--- START ---
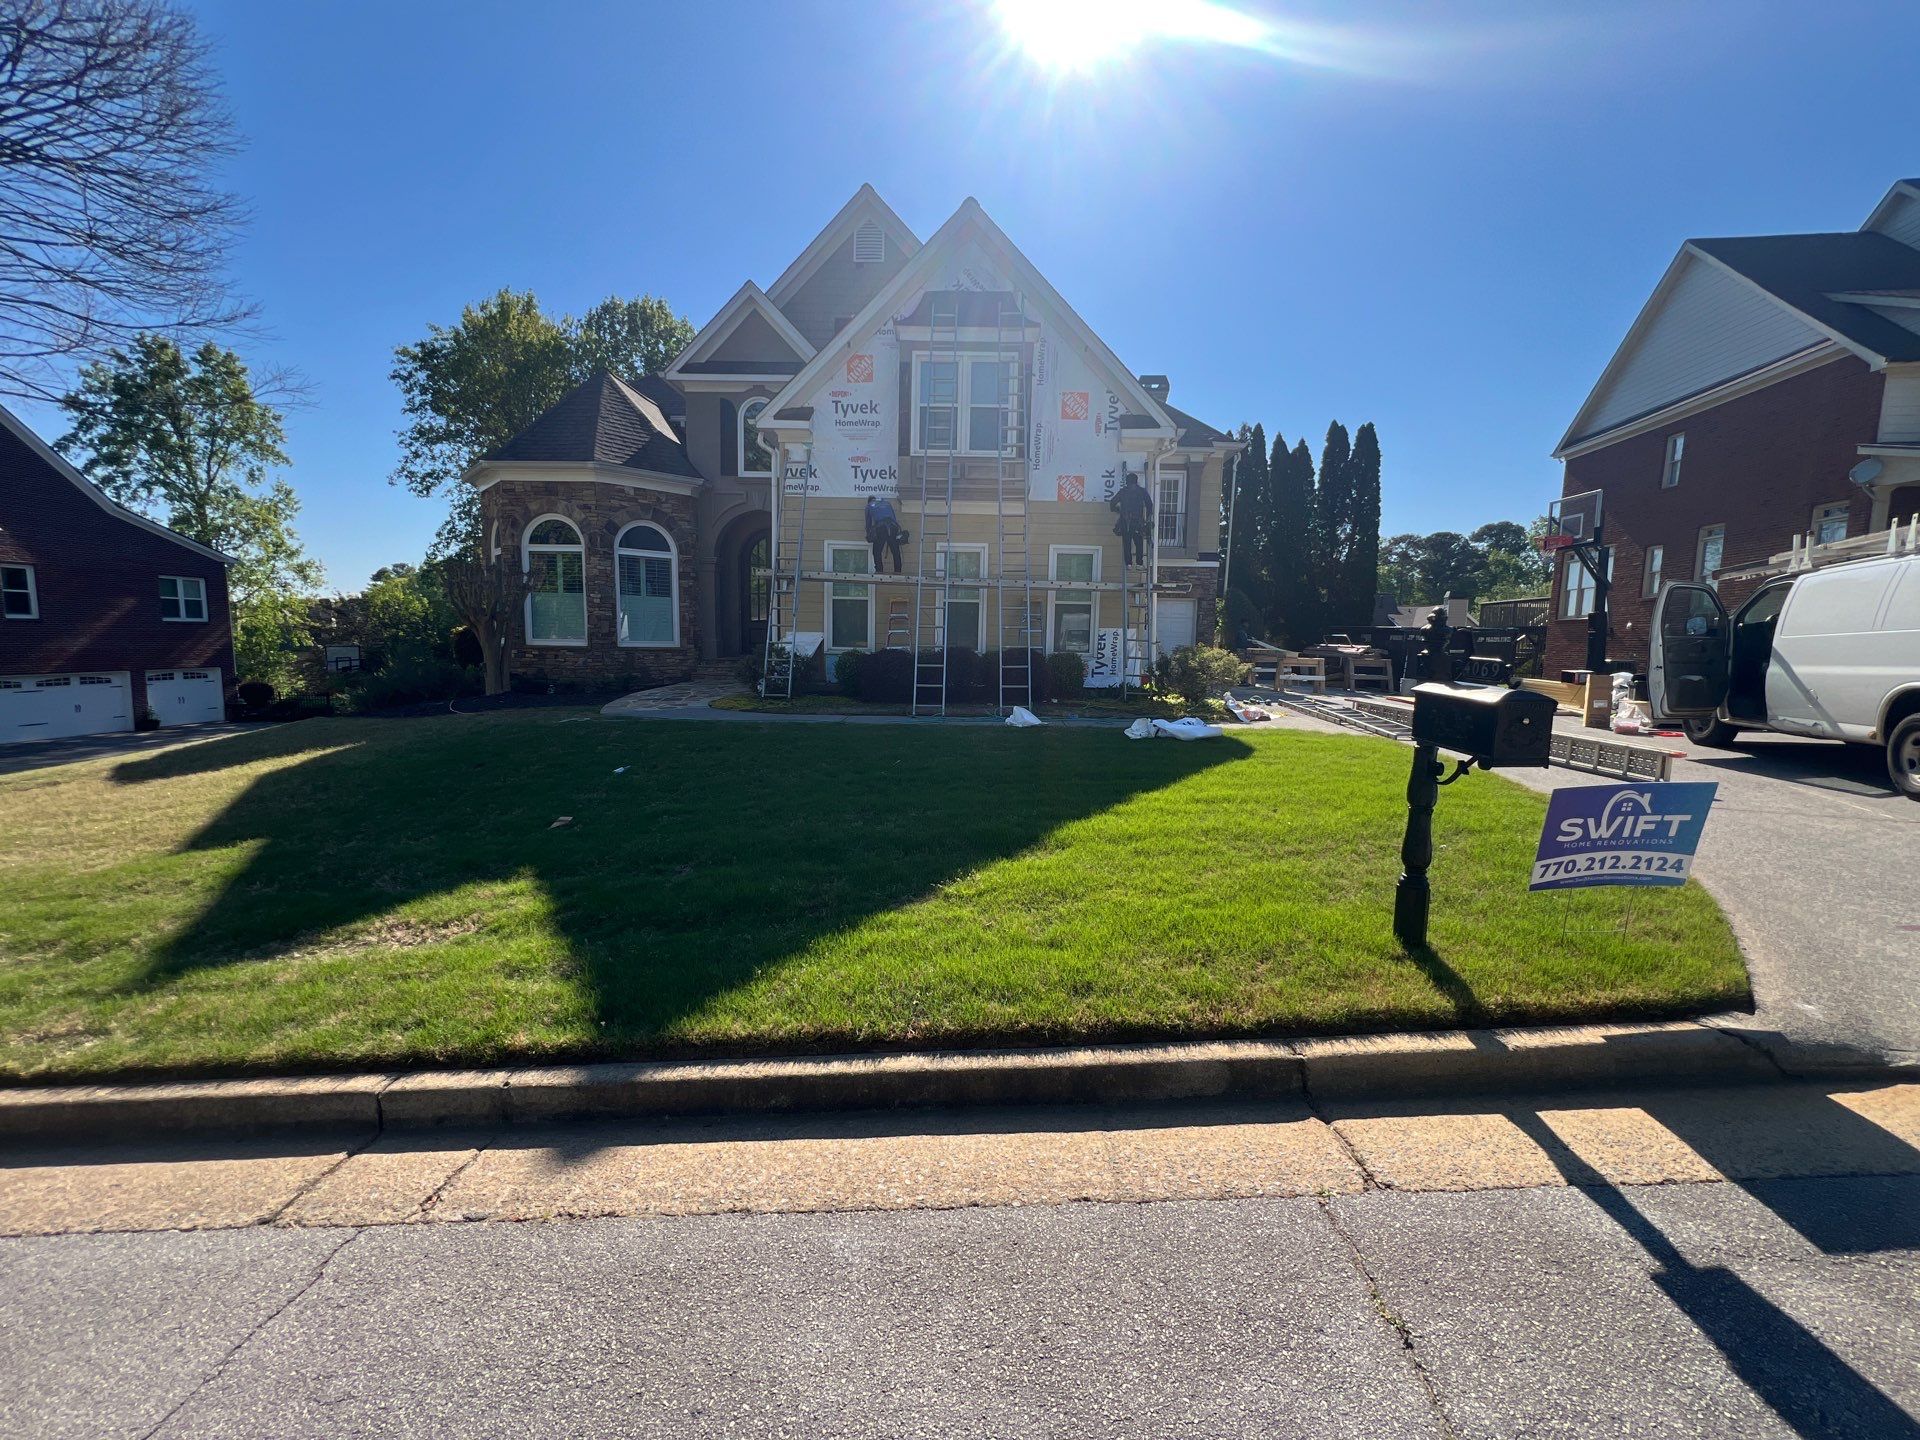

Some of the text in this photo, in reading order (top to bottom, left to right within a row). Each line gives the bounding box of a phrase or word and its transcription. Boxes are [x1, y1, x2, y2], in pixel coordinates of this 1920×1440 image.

[1036, 337, 1047, 386] HomeWrap
[831, 400, 879, 418] Tyvek
[834, 419, 881, 428] HomeWrap
[1033, 422, 1044, 471] HomeWrap
[850, 465, 898, 483] Tyvek
[1091, 633, 1109, 678] Tyvek
[1109, 631, 1120, 675] HomeWrap
[1556, 813, 1692, 842] SWIFT
[1564, 838, 1673, 848] HOME RENOVATIONS
[1538, 854, 1684, 879] 770.212.2124
--- END ---
WHAT IS NEEDED: Repeat the data exactly as given. Keep every picture out of the copy.

COMPLETED TASK:
Some of the text in this photo, in reading order (top to bottom, left to right within a row). Each line gives the bounding box of a phrase or word and its transcription. Boxes are [x1, y1, x2, y2], in pixel coordinates of this 1920×1440 image.

[1036, 337, 1047, 386] HomeWrap
[831, 400, 879, 418] Tyvek
[834, 419, 881, 428] HomeWrap
[1033, 422, 1044, 471] HomeWrap
[850, 465, 898, 483] Tyvek
[1091, 633, 1109, 678] Tyvek
[1109, 631, 1120, 675] HomeWrap
[1556, 813, 1692, 842] SWIFT
[1564, 838, 1673, 848] HOME RENOVATIONS
[1538, 854, 1684, 879] 770.212.2124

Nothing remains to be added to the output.